(Beginning of Stored data)
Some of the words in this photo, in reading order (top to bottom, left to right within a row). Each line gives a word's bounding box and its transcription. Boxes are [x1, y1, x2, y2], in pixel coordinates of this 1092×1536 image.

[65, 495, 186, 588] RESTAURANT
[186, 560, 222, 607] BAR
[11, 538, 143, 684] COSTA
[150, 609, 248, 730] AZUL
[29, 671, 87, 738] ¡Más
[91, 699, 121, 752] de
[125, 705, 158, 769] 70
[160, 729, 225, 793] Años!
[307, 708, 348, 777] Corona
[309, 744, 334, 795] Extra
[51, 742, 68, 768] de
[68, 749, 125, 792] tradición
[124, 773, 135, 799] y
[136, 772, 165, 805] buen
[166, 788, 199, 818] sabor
(End of Stored data)
What to produce —
Copy out every record again, letter for letter.

Reply —
Some of the words in this photo, in reading order (top to bottom, left to right within a row). Each line gives a word's bounding box and its transcription. Boxes are [x1, y1, x2, y2], in pixel coordinates of this 1092×1536 image.

[65, 495, 186, 588] RESTAURANT
[186, 560, 222, 607] BAR
[11, 538, 143, 684] COSTA
[150, 609, 248, 730] AZUL
[29, 671, 87, 738] ¡Más
[91, 699, 121, 752] de
[125, 705, 158, 769] 70
[160, 729, 225, 793] Años!
[307, 708, 348, 777] Corona
[309, 744, 334, 795] Extra
[51, 742, 68, 768] de
[68, 749, 125, 792] tradición
[124, 773, 135, 799] y
[136, 772, 165, 805] buen
[166, 788, 199, 818] sabor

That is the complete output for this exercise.